Since we first wrote about AB  2047, a bill targeting 3D printers for the rare, impractical, and already outlawed practice of manufacturing firearms without a license, it has picked up several amendments. Some are welcome changes, but most have only highlighted the technocratic absurdity of the proposed scheme. Our core concerns—that this mandate censors lawful speech, builds out corporate surveillance, and criminalizes open source experimentation—have not been remedied. 

Removes criminalization of resale

Starting with one silver lining, the current bill includes a carveout for the private resale of devices. The original bill would have made it a criminal offense for an individual to resell 3D printers purchased before this mandated censorship and surveillance software. This is a clear win for the 3D-printing community, but it is unfortunately not enough.

Ineffective carveouts for open source

One of the most dangerous aspects of the bill is that it criminalizes individual users for common practices, like creating and using alternative open source programs with their 3D printer. New amendments provide a carveout for the use of an open source tool, but only if it includes compliant censorship software. The bill burdens open source developers with ambiguous and unrealistic standards for print blocking, and continues to create a chilling effect for open source users.

Removes any actual requirement to work

To reiterate—there is no world where the mandated technology actually works as intended. It will both block lawful use of 3D printers, and allow firearms to be printed by anyone determined to do so. There is no amendment that can change this reality.

Instead, the current bill simply drops the pretense that this mandate is expected to work. The performance standard of algorithms changed from “effectively prevent[ing] a technically skilled user from evading [the algorithm]” to “substantially reduce the likelihood of foreseeable circumvention attempts…” The bill will still require all prints to be surveilled, but instead of testing efficacy against a skilled user, it just plays whack-a-mole with the (literally) infinite number of circumventions that any user can employ. 

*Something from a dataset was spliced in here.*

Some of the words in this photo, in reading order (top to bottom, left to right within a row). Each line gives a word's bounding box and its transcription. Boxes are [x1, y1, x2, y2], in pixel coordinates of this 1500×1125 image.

Further, the bill now leaves us with an unclear process that relies on non-governmental third parties to define standards, and now relies on manufacturers and resellers to self-police.

Hollywood gets a cut

The bill includes yet another carve out for commercial users. This time for the entertainment industry, which makes extensive use of 3D printers for props and costumes. 

That’s fine for big studios, but it leaves out indie filmmakers, cosplayers, and many other small creators. 

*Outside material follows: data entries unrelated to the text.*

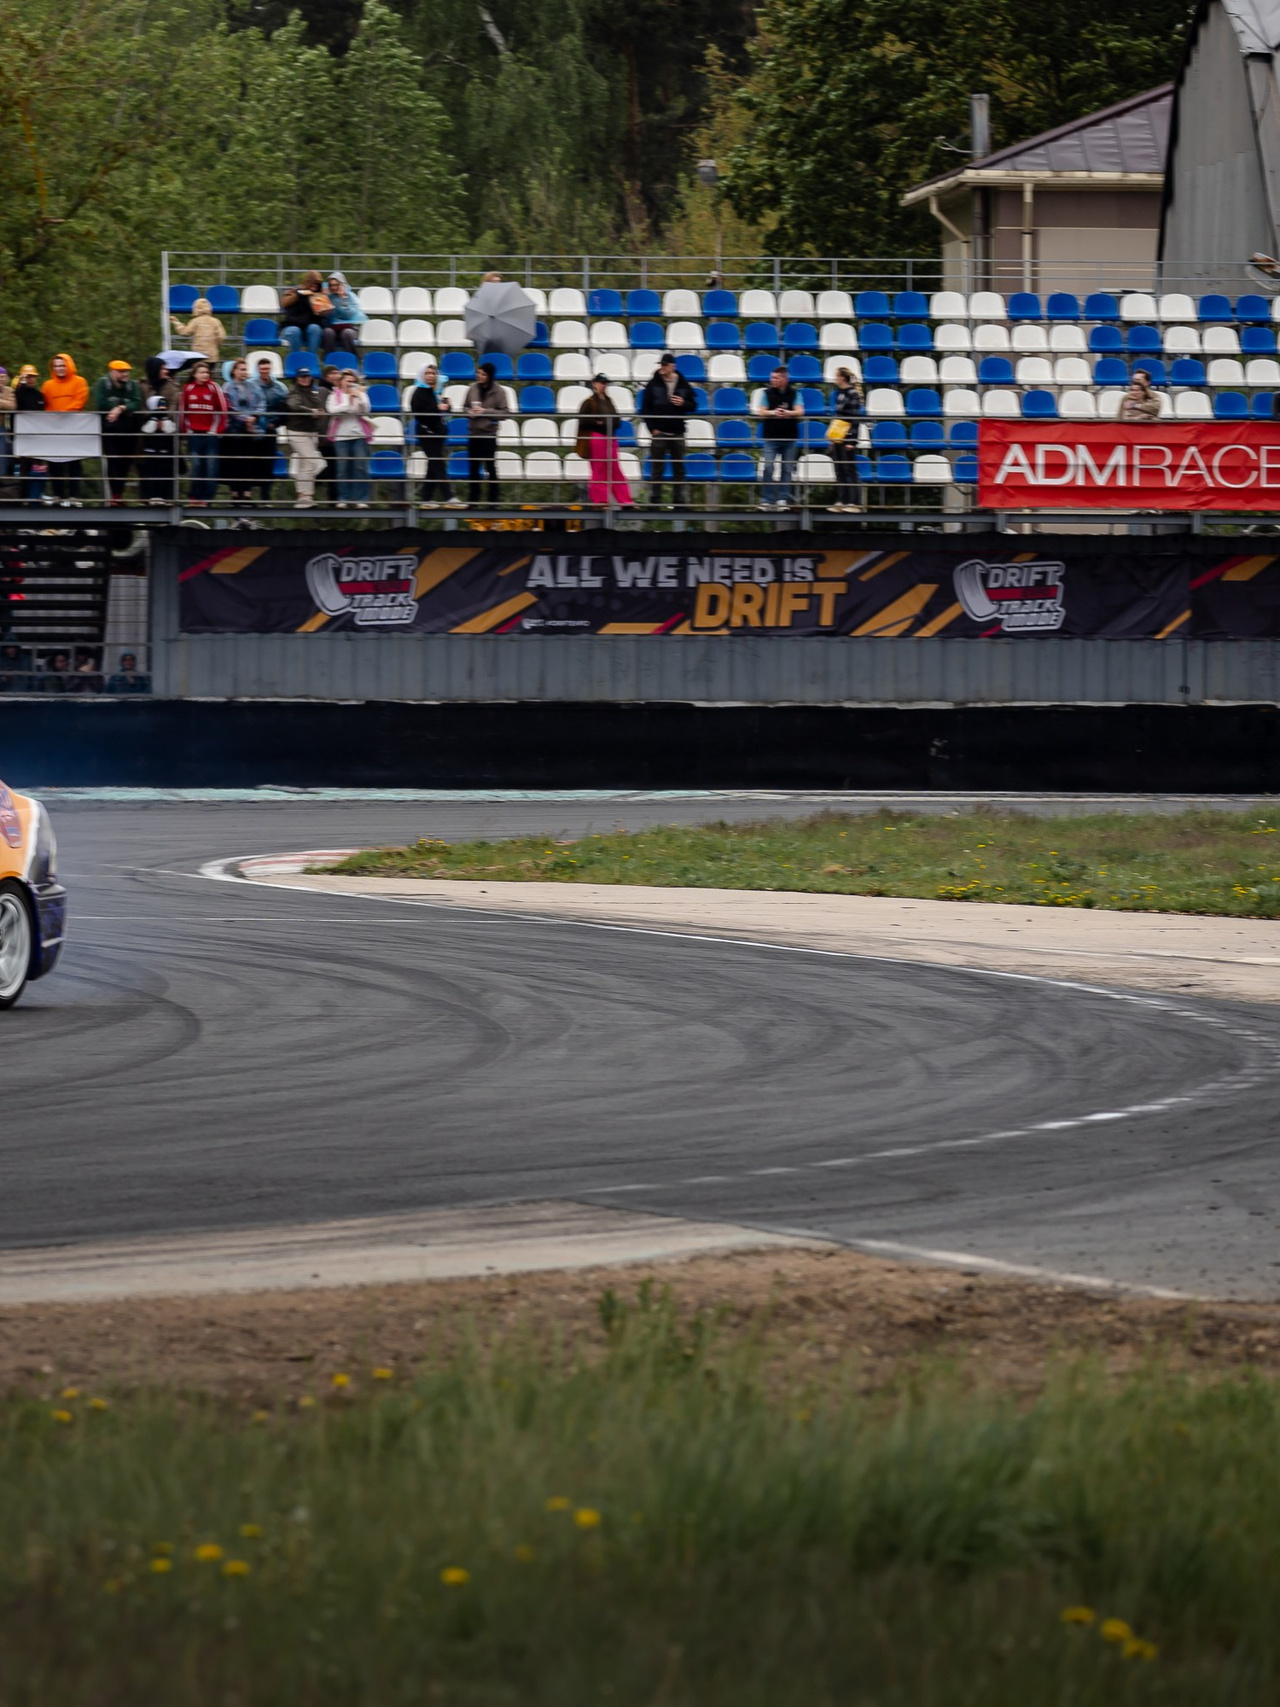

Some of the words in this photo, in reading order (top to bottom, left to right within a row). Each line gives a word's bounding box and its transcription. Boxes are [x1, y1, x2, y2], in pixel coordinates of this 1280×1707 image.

[340, 561, 412, 582] DRIFT
[525, 555, 607, 588] ALL
[612, 555, 681, 588] WE
[686, 556, 777, 587] NEED
[783, 557, 816, 582] IS
[987, 567, 1059, 588] DRIFT
[693, 581, 848, 628] DRIFT

This is simply a defensive edit to limit corporate opposition. There isn’t a clear division in 3D-printing between consumer and commercial tools. These are general purpose tools which might be picked up by a prop department of a big studio, or an artist getting ready for Comic Con. Indeed consumer level products are not only used by amateur artists and engineers developing their skills. Commercial 3D printers, like their traditional 2D equivalents, are frequently used in workplaces, as well as by professionals honing their skills or just trying to get some work done at home. 

Commercial carveouts hands printer manufacturers the ability to sell a more expensive tier of printers, locking-in and up-charging their commercial customers. Some of those customers will choose to buy general retail versions, but that carries its own price: increased risk of IP theft as all printed files are surveilled the same way they are for hobbyists. That means a real risk of businesses leaking any prototypes or new designs to not only the printer manufacturer, but potentially snooping governments and/or the general public through data breaches.

Demand  your senator oppose AB 2047

This updated version of AB 2047 downgrades performance standards and removes oversight while still threatening privacy and choice for users of 3D printers. A printer surveillance system won’t work for its intended purpose, and will only harm law abiding users. 

Act now to demand your senators to vote no on this ineffective and invasive bill.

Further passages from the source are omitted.